Make sure that patients have a clear understanding of what their medication is for, how to take it, and the importance of taking exactly what the doctor ordered.
"We’ve encountered patients who found out that the friend or relative had the same prescription but weren’t taking it any more. So they were taking medication prescribed for someone else, even though the dosage might be different," she says.
Share information about the hospitalization with patients’ primary care providers.
When the home health nurses at the Visiting Nurse Service of New York check in with patients’ primary care providers, they often find out that the doctors are unaware that their patient has been hospitalized, she says.
Make sure patients have a follow-up appointment with their primary care physicians and inform the home health agency about the time, date, and provider.
"When it’s left up to the patient, they either don’t make the appointment or if they are told the doctor can’t see them for a month, they accept it. The physician office staff need to know that the patient has been hospitalized and needs to be evaluated by a primary care provider," she says.

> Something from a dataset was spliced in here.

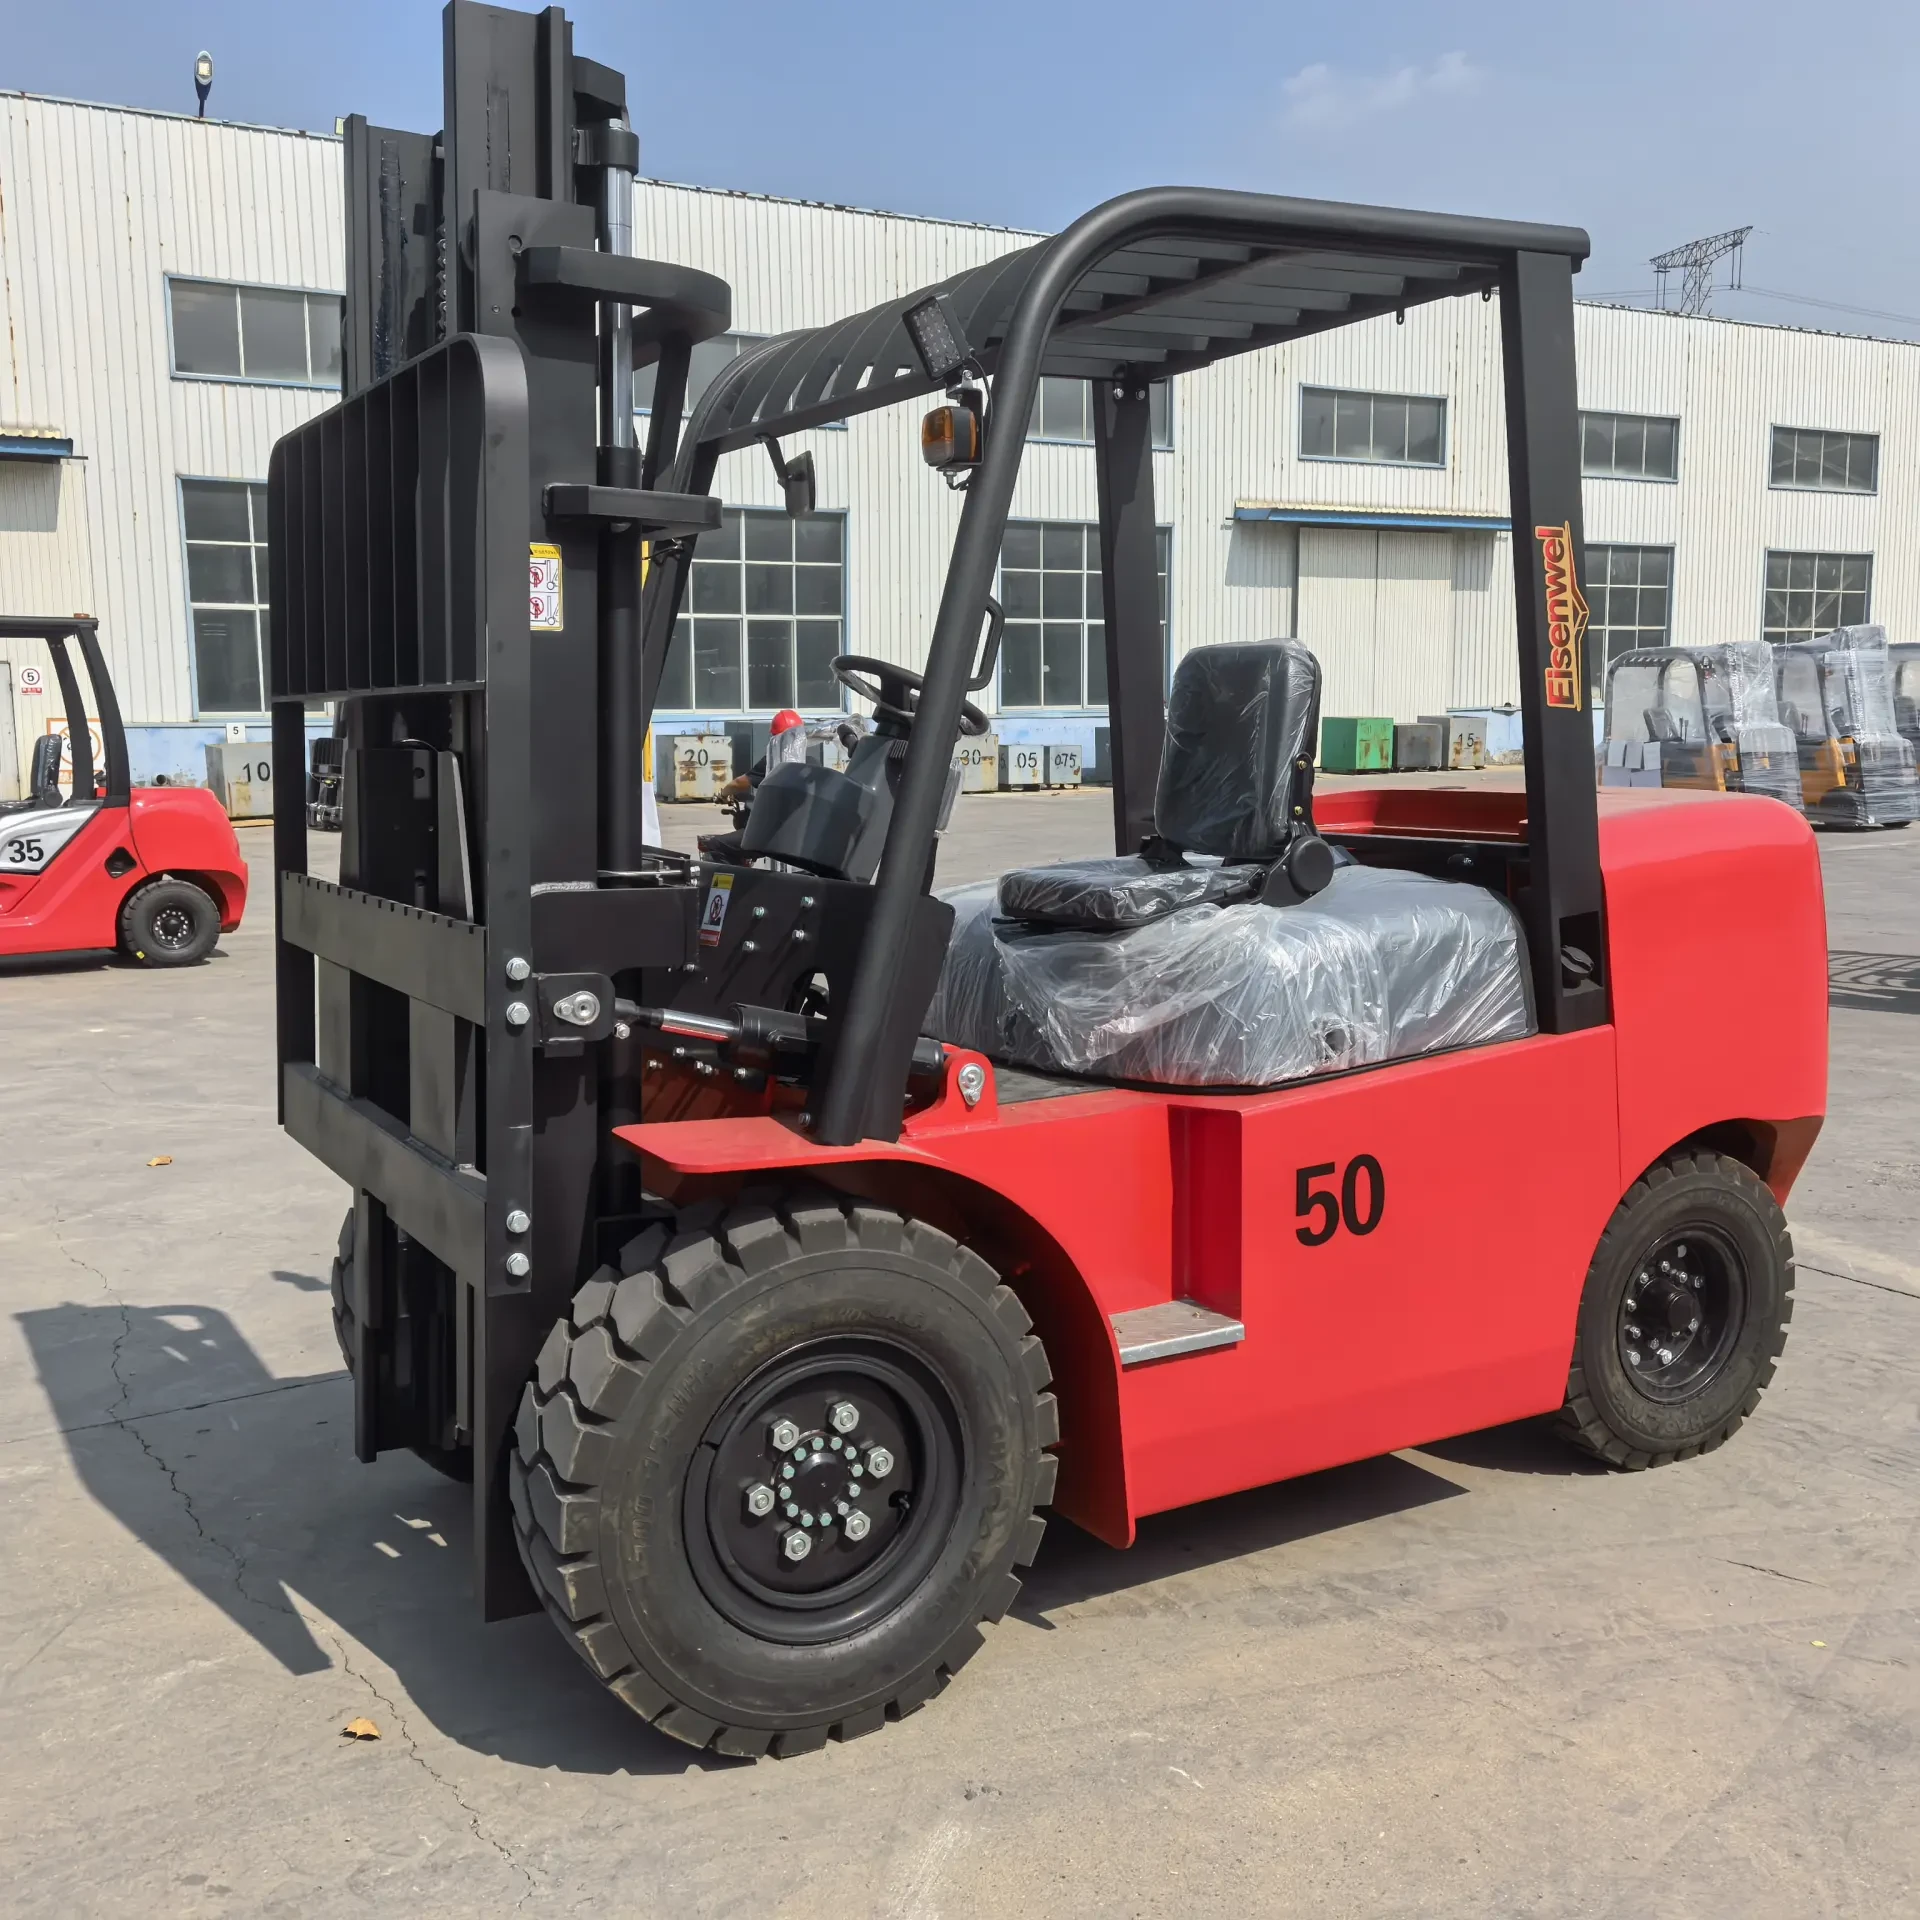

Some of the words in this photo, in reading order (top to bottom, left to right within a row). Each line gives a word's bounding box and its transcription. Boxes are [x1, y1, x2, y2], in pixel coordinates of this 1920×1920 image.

Pass along information about family dynamics, she says.
"If it’s a big family, it helps us to know who is really in charge, who is the healthcare proxy, and who we can work with to resolve issues," she says.
Inform the home health agency if there is a psychosocial issue.
"We find that many patients who bounce back have a behavioral health disorder, depression, or anxiety. If we know about it, we can help them get help," she says.
Often, at-risk patients live alone with no support nearby and have no way to get their medication or get to a doctor’s appointment, she adds. If the home health nurse understands that there’s an issue or barrier up front, he or she can come up with a plan to overcome it.
• Include information in your report about how the patient was functioning before they were admitted and how it compares to their current functionality.
"An elderly couple may have been doing OK before the spouse was hospitalized, but they may not be managing so well after the acute care stay. We work with them to develop their goals and put together a plan to help them achieve the goals. If their goals are not realistic, we come up with a plan to help them see what is more realistic for them," Merlino says.
Early referrals result in the best transitions, especially if you collaborate with the home health agency liaison on the discharge plan.
Visiting Nurse Service of New York has nurse liaisons who go to the emergency department and the hospital units, attend rounds, and work closely with the case managers to develop a plan of care for patients at risk, she says.